*ABOUT THIS TASK*:
Your reply should reproduce each entry exactly and contain no pictures.

------------------------------------------------

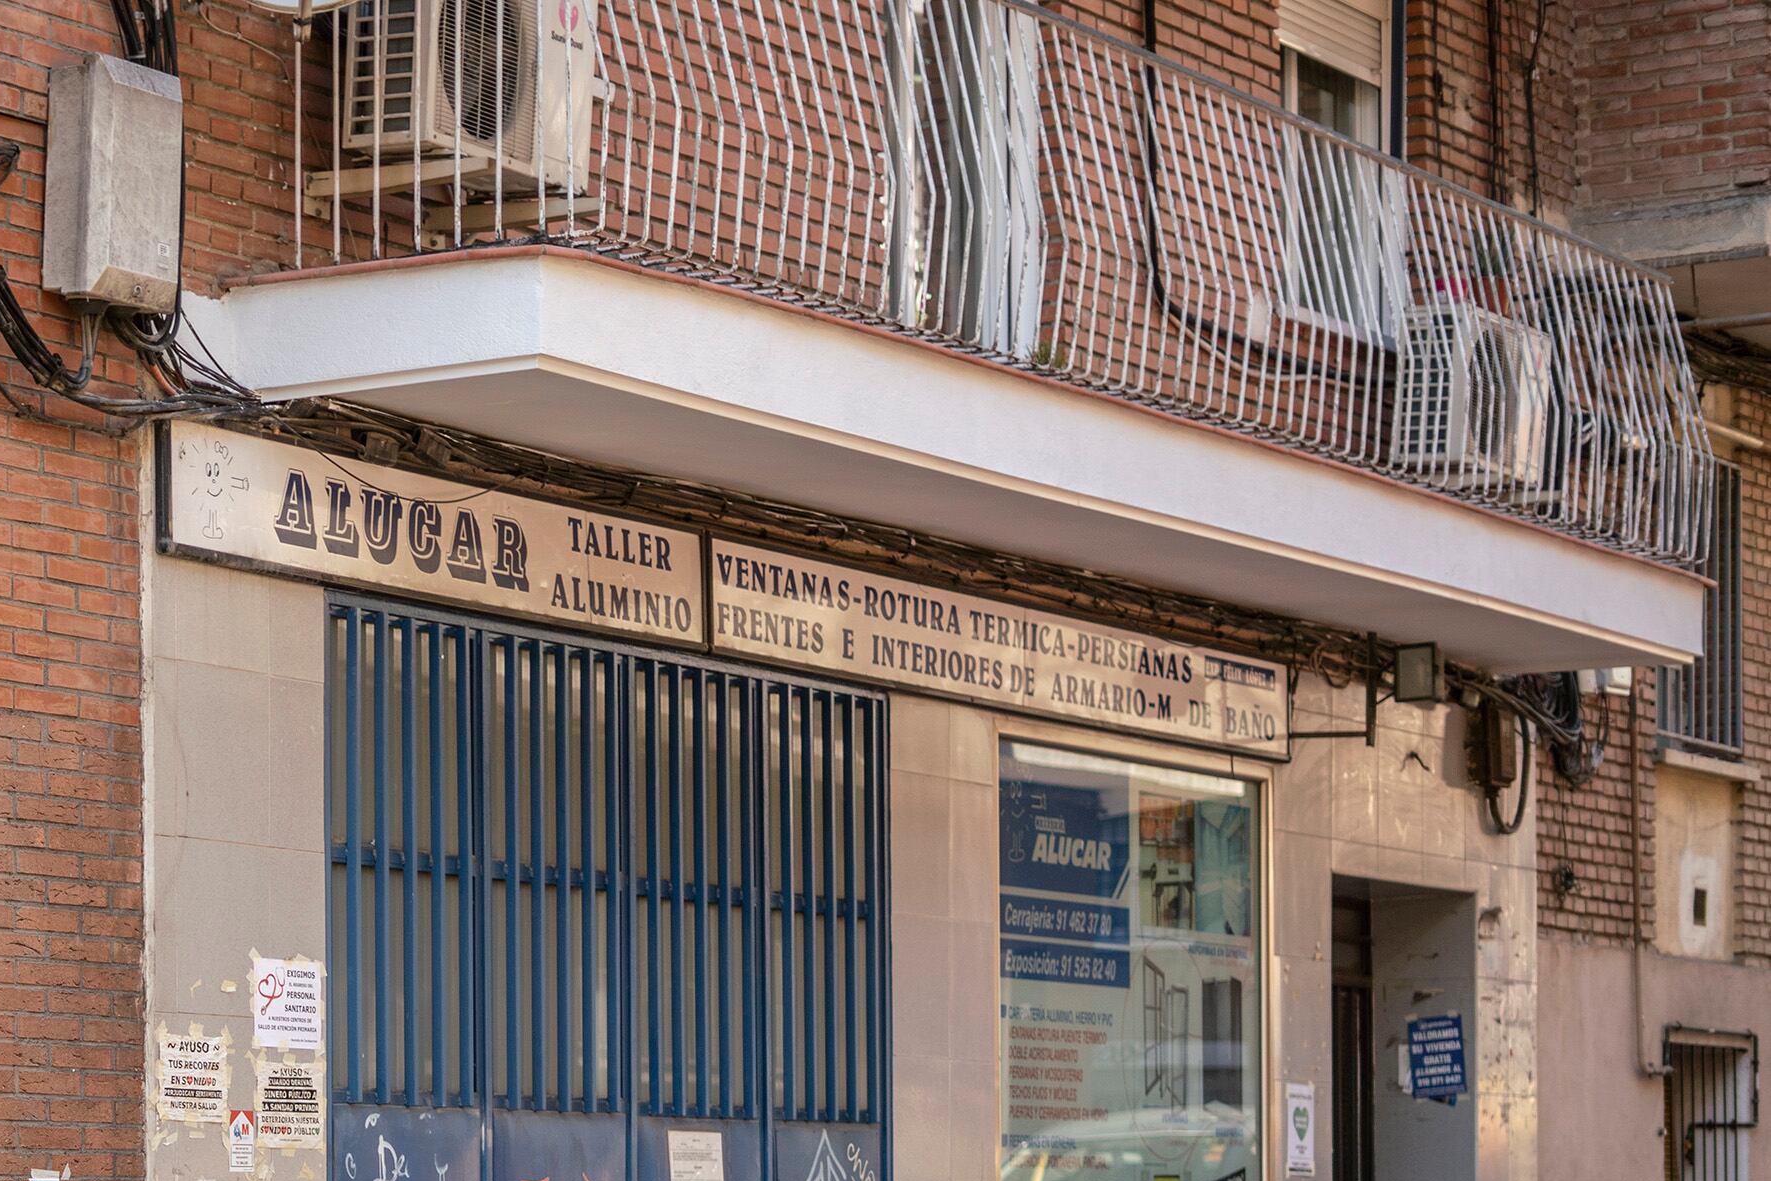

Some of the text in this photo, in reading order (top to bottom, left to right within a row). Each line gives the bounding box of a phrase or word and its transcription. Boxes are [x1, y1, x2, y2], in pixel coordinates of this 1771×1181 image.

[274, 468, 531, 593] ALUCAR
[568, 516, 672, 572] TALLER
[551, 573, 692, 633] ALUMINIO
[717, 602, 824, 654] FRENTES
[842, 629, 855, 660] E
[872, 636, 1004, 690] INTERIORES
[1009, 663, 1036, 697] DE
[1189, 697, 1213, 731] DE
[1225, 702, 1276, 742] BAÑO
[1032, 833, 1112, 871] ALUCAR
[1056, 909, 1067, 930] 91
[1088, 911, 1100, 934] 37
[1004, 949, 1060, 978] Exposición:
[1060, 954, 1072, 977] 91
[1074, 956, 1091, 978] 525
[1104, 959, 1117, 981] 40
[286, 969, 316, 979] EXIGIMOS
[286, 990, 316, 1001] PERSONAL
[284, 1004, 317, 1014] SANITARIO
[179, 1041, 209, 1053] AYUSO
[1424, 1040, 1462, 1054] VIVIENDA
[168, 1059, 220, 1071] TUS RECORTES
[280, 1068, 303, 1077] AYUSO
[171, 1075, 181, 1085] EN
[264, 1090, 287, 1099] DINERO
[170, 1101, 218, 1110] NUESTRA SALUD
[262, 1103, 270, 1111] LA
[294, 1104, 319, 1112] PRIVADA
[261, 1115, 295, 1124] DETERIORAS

------------------------------------------------

*TASK RESPONSE*:
Some of the text in this photo, in reading order (top to bottom, left to right within a row). Each line gives the bounding box of a phrase or word and its transcription. Boxes are [x1, y1, x2, y2], in pixel coordinates of this 1771×1181 image.

[274, 468, 531, 593] ALUCAR
[568, 516, 672, 572] TALLER
[551, 573, 692, 633] ALUMINIO
[717, 602, 824, 654] FRENTES
[842, 629, 855, 660] E
[872, 636, 1004, 690] INTERIORES
[1009, 663, 1036, 697] DE
[1189, 697, 1213, 731] DE
[1225, 702, 1276, 742] BAÑO
[1032, 833, 1112, 871] ALUCAR
[1056, 909, 1067, 930] 91
[1088, 911, 1100, 934] 37
[1004, 949, 1060, 978] Exposición:
[1060, 954, 1072, 977] 91
[1074, 956, 1091, 978] 525
[1104, 959, 1117, 981] 40
[286, 969, 316, 979] EXIGIMOS
[286, 990, 316, 1001] PERSONAL
[284, 1004, 317, 1014] SANITARIO
[179, 1041, 209, 1053] AYUSO
[1424, 1040, 1462, 1054] VIVIENDA
[168, 1059, 220, 1071] TUS RECORTES
[280, 1068, 303, 1077] AYUSO
[171, 1075, 181, 1085] EN
[264, 1090, 287, 1099] DINERO
[170, 1101, 218, 1110] NUESTRA SALUD
[262, 1103, 270, 1111] LA
[294, 1104, 319, 1112] PRIVADA
[261, 1115, 295, 1124] DETERIORAS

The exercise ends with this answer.